*Supplied information*:
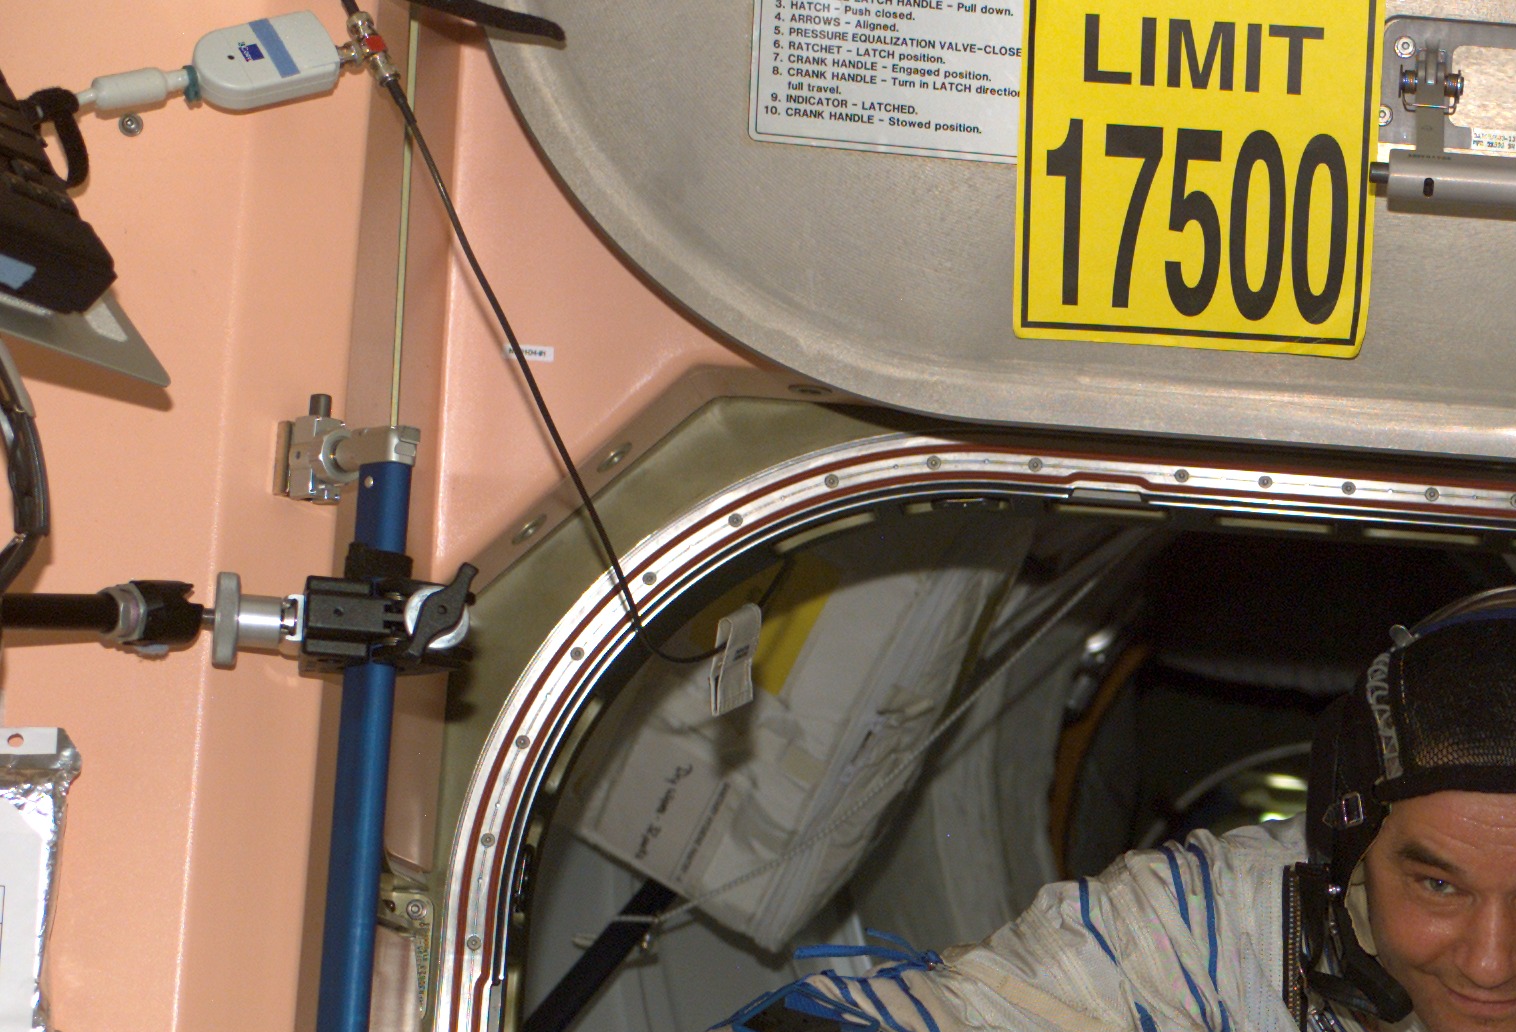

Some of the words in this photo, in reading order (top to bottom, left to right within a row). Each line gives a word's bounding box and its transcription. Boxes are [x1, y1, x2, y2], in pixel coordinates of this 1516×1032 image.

[775, 0, 785, 9] 3.
[790, 1, 830, 13] HATCH
[844, 6, 871, 17] Push
[875, 9, 915, 21] closed.
[957, 2, 977, 13] Pull
[981, 5, 1014, 17] down.
[774, 12, 784, 22] 4.
[790, 14, 840, 27] ARROWS
[855, 20, 899, 32] Aligned.
[773, 26, 784, 36] 5.
[789, 27, 848, 41] PRESSURE
[851, 33, 935, 49] EQUALIZATION
[773, 40, 784, 50] 6.
[788, 41, 842, 54] RATCHET
[856, 47, 895, 59] LATCH
[898, 52, 946, 64] position.
[1083, 13, 1325, 96] LIMIT
[773, 53, 783, 62] 7.
[788, 54, 827, 67] CRANK
[832, 58, 878, 71] HANDLE
[891, 64, 940, 77] Engaged
[944, 70, 991, 82] position.
[772, 66, 782, 76] 8.
[787, 67, 827, 80] CRANK
[831, 72, 877, 84] HANDLE
[891, 77, 915, 88] Turn
[920, 80, 929, 89] in
[933, 81, 971, 93] LATCH
[787, 81, 803, 91] full
[808, 83, 841, 95] travel.
[771, 93, 781, 102] 9.
[786, 94, 848, 108] INDICATOR
[861, 101, 918, 115] LATCHED.
[764, 105, 781, 116] 10.
[785, 107, 825, 120] CRANK
[829, 111, 875, 124] HANDLE
[888, 117, 931, 129] Stowed
[934, 122, 982, 134] position.
[1046, 118, 1349, 326] 17500
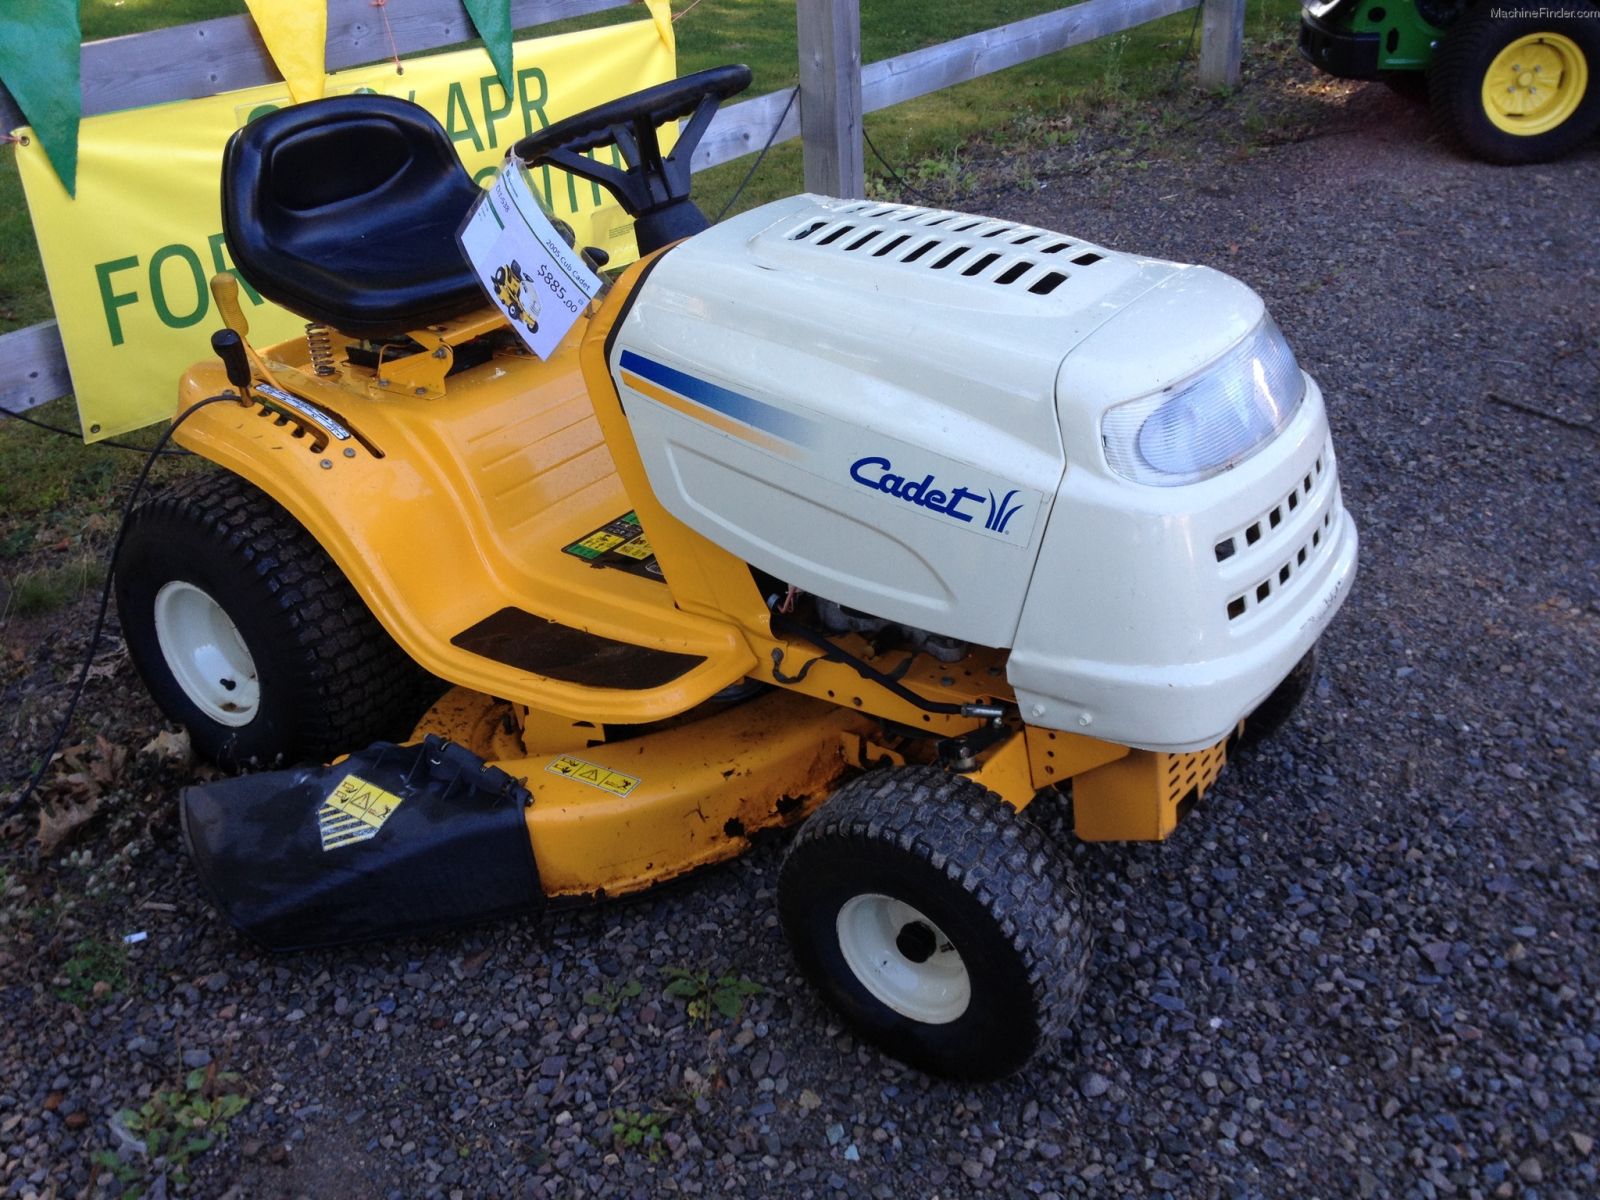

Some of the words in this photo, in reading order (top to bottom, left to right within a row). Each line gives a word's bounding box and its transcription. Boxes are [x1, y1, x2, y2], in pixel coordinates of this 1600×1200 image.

[446, 67, 550, 153] APR
[537, 264, 578, 313] $885.00
[545, 239, 561, 258] 2005
[560, 256, 572, 271] Cub
[572, 270, 591, 291] Cadet
[850, 456, 987, 523] Cadet

*Problem to solve*:
Lines before the one containing "this 1600×1200 image." are not wanted; please set down that line and every line after it through the end of the material, exactly.

*Task result*:
Some of the words in this photo, in reading order (top to bottom, left to right within a row). Each line gives a word's bounding box and its transcription. Boxes are [x1, y1, x2, y2], in pixel coordinates of this 1600×1200 image.

[446, 67, 550, 153] APR
[537, 264, 578, 313] $885.00
[545, 239, 561, 258] 2005
[560, 256, 572, 271] Cub
[572, 270, 591, 291] Cadet
[850, 456, 987, 523] Cadet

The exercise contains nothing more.